En mitad de ese ambiente espeso y cargado me reuní con Felipe González en la Moncloa el 30 de mayo de 1994, a la una del mediodía. Se trataba de ocultar la entrevista y por ello vino expresamente a recogerme, a mi casa de Triana, el jefe de seguridad de Felipe, y en un Range Rover entré en la Moncloa por la puerta trasera. Me recibió como siempre, dando la sensación de que nada había ocurrido entre nosotros. Mi entrada en la conversación fue, nuevamente, otro error.
—Mira, presidente. Sobre el asunto de la intervención de Banesto y tu participación, no quiero entrar ahora. Es pronto. Dejémoslo pendiente para más adelante. Ahora vamos a concentrarnos en otros asuntos.
—Como quieras —fue la respuesta aliviada de González.
—Bueno, ante todo tenemos el asunto Crillón. No digo que tú tengas nada que ver pero...

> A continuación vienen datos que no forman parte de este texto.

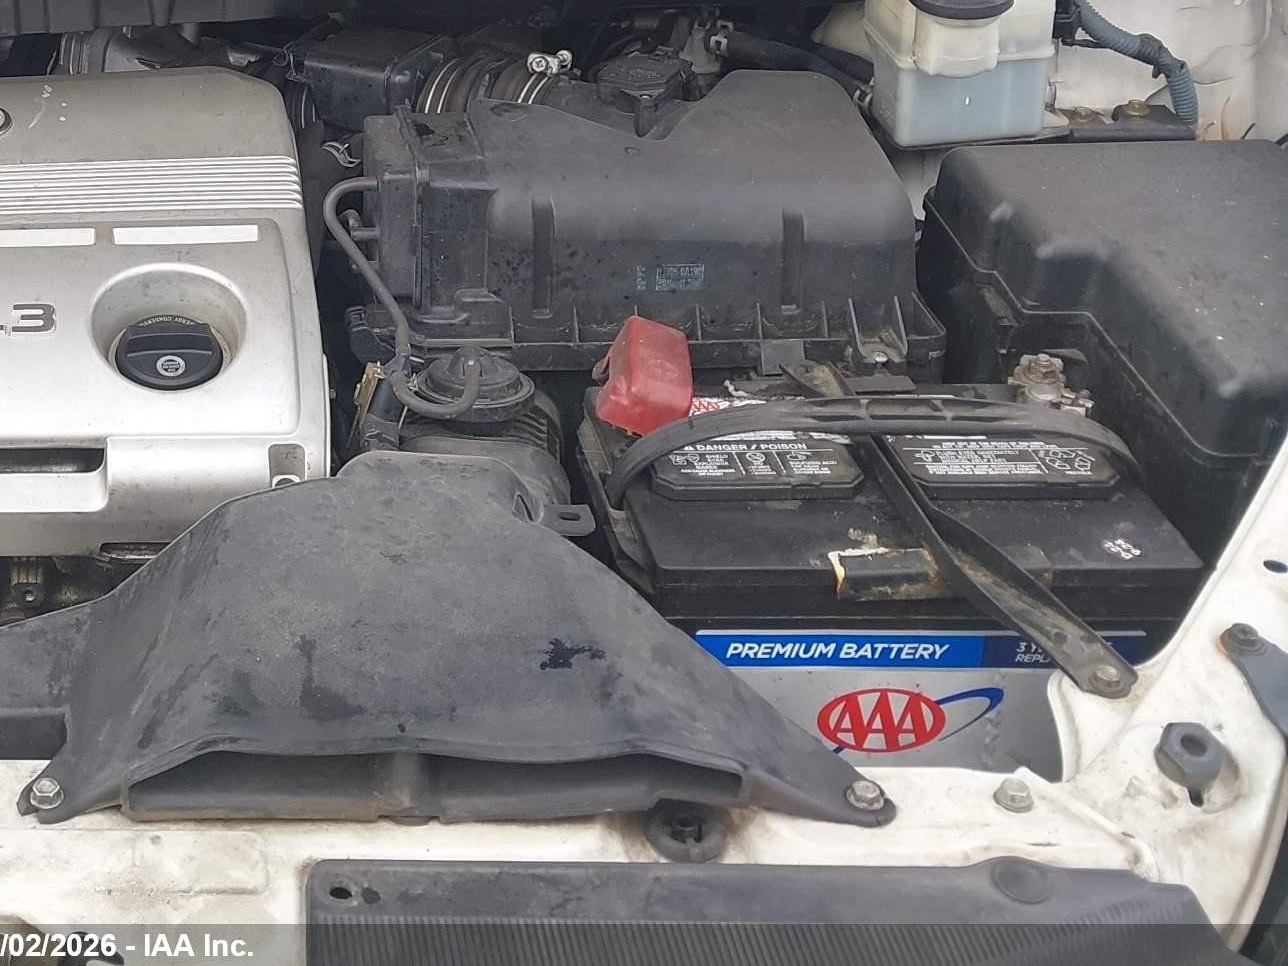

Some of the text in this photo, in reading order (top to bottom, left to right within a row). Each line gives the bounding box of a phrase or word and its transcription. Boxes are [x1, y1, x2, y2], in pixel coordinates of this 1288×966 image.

[725, 642, 951, 660] PREMIUM BATTERY
[824, 689, 934, 751] AAA

El asunto Crillón era el informe que Serra había encargado a la empresa Kroll, una entidad estadounidense dedicada a estos asuntos, pagando con fondos reservados del Estado. El huido Roldán, ex director general de la Guardia Civil, declaró a la prensa el espionaje y dio todos los detalles. Más tarde ratificó punto por punto ante el juez Garzón. Yo llamé a González desde la finca La Salceda. Me negó que tuviera algo que ver. Me extrañó que se pusiera al teléfono después de los escándalos que habían organizado con la intervención del banco...
—Ya te dije por teléfono que ni yo ni Serra teníamos nada que ver —contestó González.
—Hombre, me resulta increíble que Roldán quiera involucrar a Serra porque sí. No lo entiendo, pero en fin, todo es posible en esta vida. Lo importante es que nosotros tenemos una documentación de un representante del Estado que dice haberme espiado. Al margen de que Serra esté o no detrás, se trata de un órgano del Estado y por tanto sus actos son imputables a él.
Felipe me escuchaba con una atención superlativa. Lo que le contaba le interesaba sobremanera, hasta el extremo de que él, que trata siempre de ocultar sus pensamientos, no pudo contenerse y me preguntó:
—Bueno, eso sí, pero ¿qué pensáis hacer?
—Por el momento estamos evaluando las consecuencias jurídicas, y las alternativas que nos ofrecen los abogados, pero lo que quiero que sepas es que estando en ciernes unas elecciones europeas no quiero hacer absolutamente nada que pueda perjudicarte, porque el panorama ya lo tenéis bastante complicado.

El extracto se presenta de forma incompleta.